Why did the Soviets so eagerly adopt autoloaders for their tanks? I don’t have any direct primary sources supporting it, but I have some hunches.
- Size. Soviet/Russian tanks have always had substantial size/weight limitations for transporting them along the entire length of the rather large country. This explains a lot, including why there was less (which is not the same as no) focus on tanks fighting other tanks, as opposed to using artillery and ATGMs. If the autoloader can make the tank smaller by removing one of the crew, it helps a lot.
- Making crew training less relevant. If you have a gigantic force of in-and-out conscripts, you don’t want to rely on something that relies a lot on individual skill.
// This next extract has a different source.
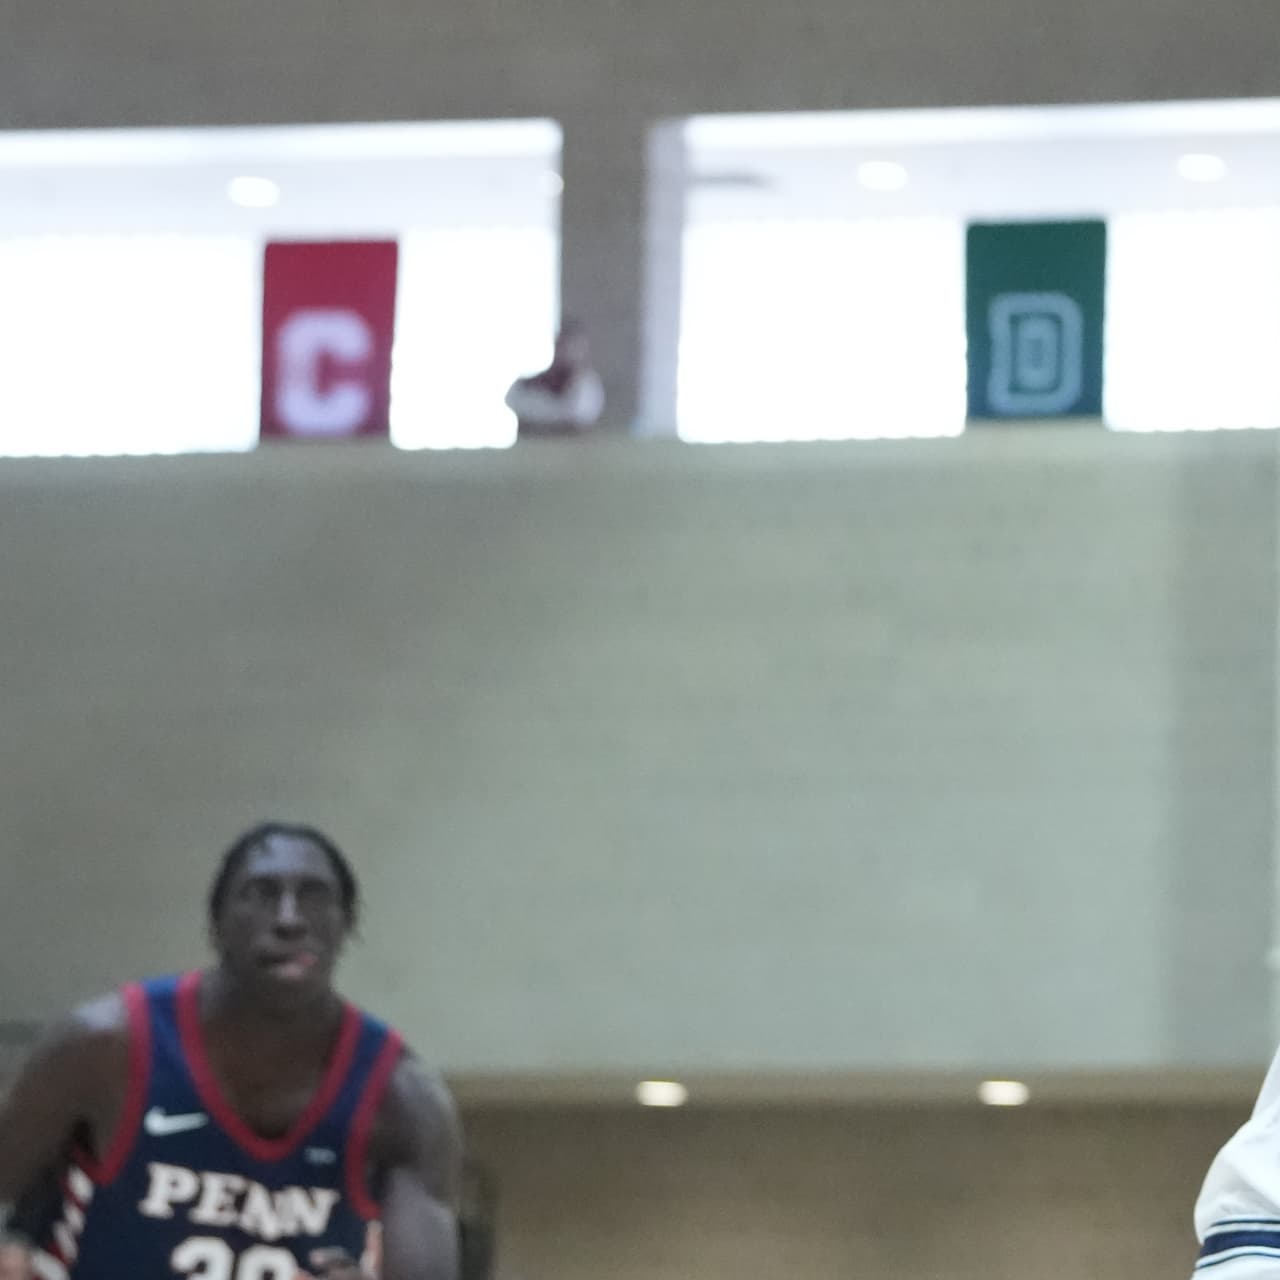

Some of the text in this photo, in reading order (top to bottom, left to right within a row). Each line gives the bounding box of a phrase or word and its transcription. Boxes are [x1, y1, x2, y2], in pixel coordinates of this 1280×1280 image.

- The third, which I saw in an intelligence piece on the Soviet tank company, stated “in understrength units there may be no loader in tanks other than those of the company and platoon commanders.” I’d really like to see more evidence for this, although it does say understrength.
There’s probably more like how it makes using bigger guns easier, but those are the biggest three that come to my mind. I also like to think of how the inevitable national bias would change if it was, for whatever reason, the opposite. Instead of tales of arm-wrecking autoloaders, there’d be sniggering of “we have high-tech auto-loaders, and the Soviets are still having people stuff the tank with shells-look at how they’d get tired.”